Piccoli cervelli crescono. Dopo la bimba delle elementari che fa la petizione a favore di Gesù, abbiamo quella delle medie, di una scuola di Roma, la quale – di fronte al titolo paraculo di un tema (‘siamo tutti stranieri’) – ha messo nero su bianco, con la sua tonda, adolescente grafia, dei concetti rivoluzionari. Tipo: “Non sono d’accordo, perché i confini esistono, le bandiere esistono, l’amore per la Patria esiste”. Concetti di una verità profonda e rivoluzionaria. Così come, oggi, è rivoluzionario cantare la canzone di Bennato –  ‘Viva la mamma’ –  o propagandare la sacrosanta naturalità della famiglia tradizionale. E allora gli interrogativi aumentano, si affastellano, si intrecciano, in poche parole ci sfidano a trovare una risposta. Perché? Perché due ragazzine vergano altrettanti elzeviri degni della terza pagina del Corriere della Sera? Di più: due pezzi in grado di restituire intelligenza e freschezza e apertura mentale al settore culturale di tutti i Corrieri della Sera del mondo?

La risposta, forse, la possiamo trovare in un approccio ‘alla Rousseau’, applicato non alla storia universale dell’uomo, ma alla sua storia attuale, al modo in cui l’uomo – nell’era della globalizzazione spocchiosa e trionfante – viene formato (o meglio: tra-sformato) dalle più varie ‘agenzie educative’. Per il filosofo di Ginevra, l’essere umano nasce virtuoso e fisiologicamente sincero ed è poi  corrotto, reso ipocrita, dalla cosiddetta cultura e dalla cosiddetta civiltà, dalle scienze e dalle arti. Bene, potremmo riesumare questa visione – pur datata, viziata e limitata –  per usarla come grimaldello esplicativo degli odierni modelli pedagogici. Finiremmo per giungere a conclusioni simili a quelle di Jean Jacques, sia pure declinate in un contesto tutt’affatto differente. La globalizzazione non è solo un fenomeno contingente, un accidente della storia, un episodico snodo del disordinato corso degli eventi  scaturito da una pluralità di  cause cui bisogna adeguarsi con intelligente e opportunistica flessibilità. La globalizzazione è anche, se non soprattutto, un disegno politico e ideologico che risponde all’esigenza di creare, in vitro, l’uomo-massa, l’individuo monocromatico, svuotato di ogni radice e gettato nel mercato universale del chiacchiericcio vacuo di cui parlava Heidegger e del culto consumistico, del soggetto monodimensionale tratteggiato da Marcuse e  da Fromm.

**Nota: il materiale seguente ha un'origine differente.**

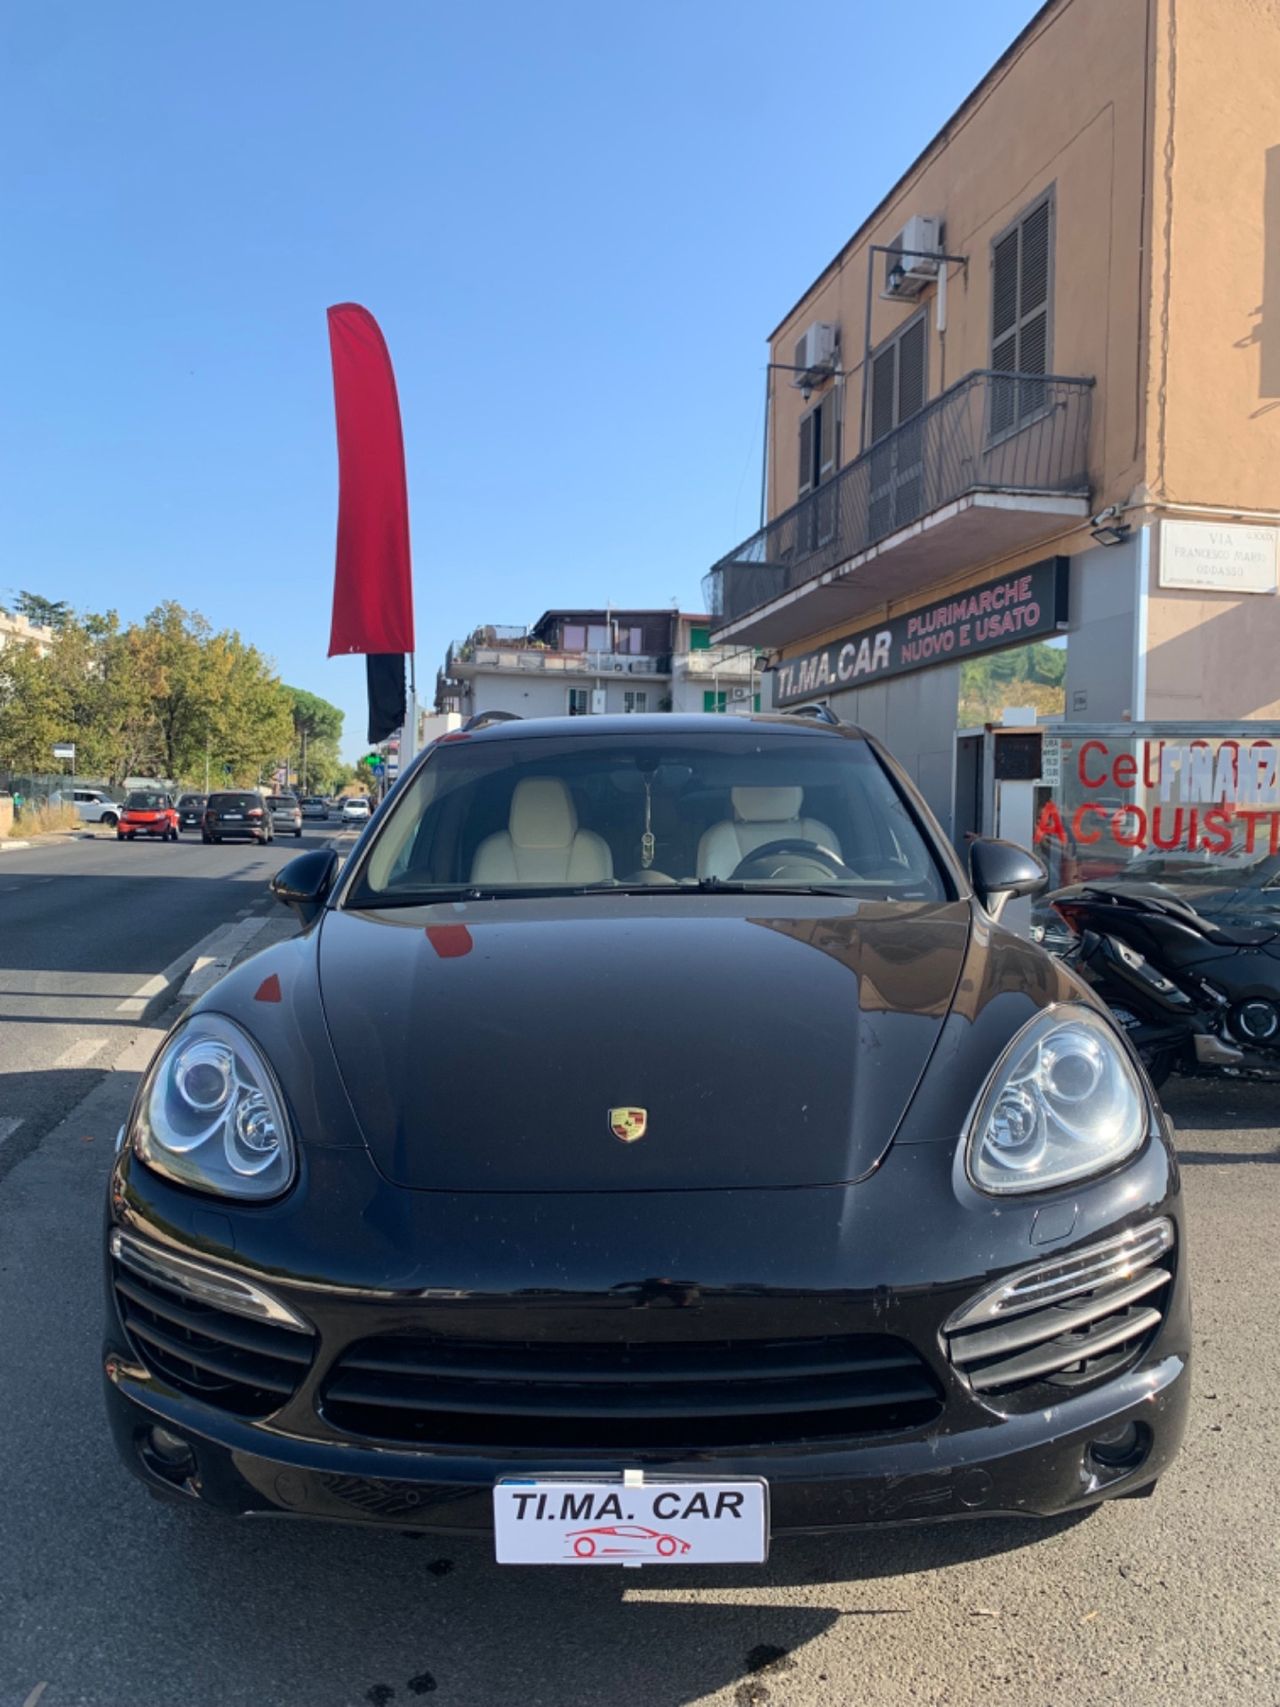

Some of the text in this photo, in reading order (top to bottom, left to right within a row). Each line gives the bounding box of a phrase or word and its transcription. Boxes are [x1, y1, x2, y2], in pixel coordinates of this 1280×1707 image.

Un tale progetto necessita di una nuova fede,  concepita e forgiata ‘a monte’ e poi sintetizzata ‘a valle’, sia nei prodotti pop televisivo-digitali a beneficio degli incolti sia nelle pubblicazioni prestigiose e nei media d’elite su cui si formano intere generazioni di accademici, scrittori, pensatori. Ecco perché è così difficile trovare luce intellettuale là dove si fabbrica la cultura. I pozzi sono inquinati e, in torrentizi rivoli, contaminano a cascata non solo il docente, ma anche il discente. E tuttavia, siccome certe evidenze, certe esigenze, certe verità sono, per così dire, pre-culturali, il giovane non ancora avvelenato del tutto è in grado di percepirle, ed esprimerle, di approdare, insomma, proprio dove il professore bocconiano non arriva. Compito di una nuova pedagogia, affrancata dagli schemi dominanti, è dunque quello di assecondare la naturale tendenza infantile al buon senso perduto. Certi scolari hanno molto da insegnarci.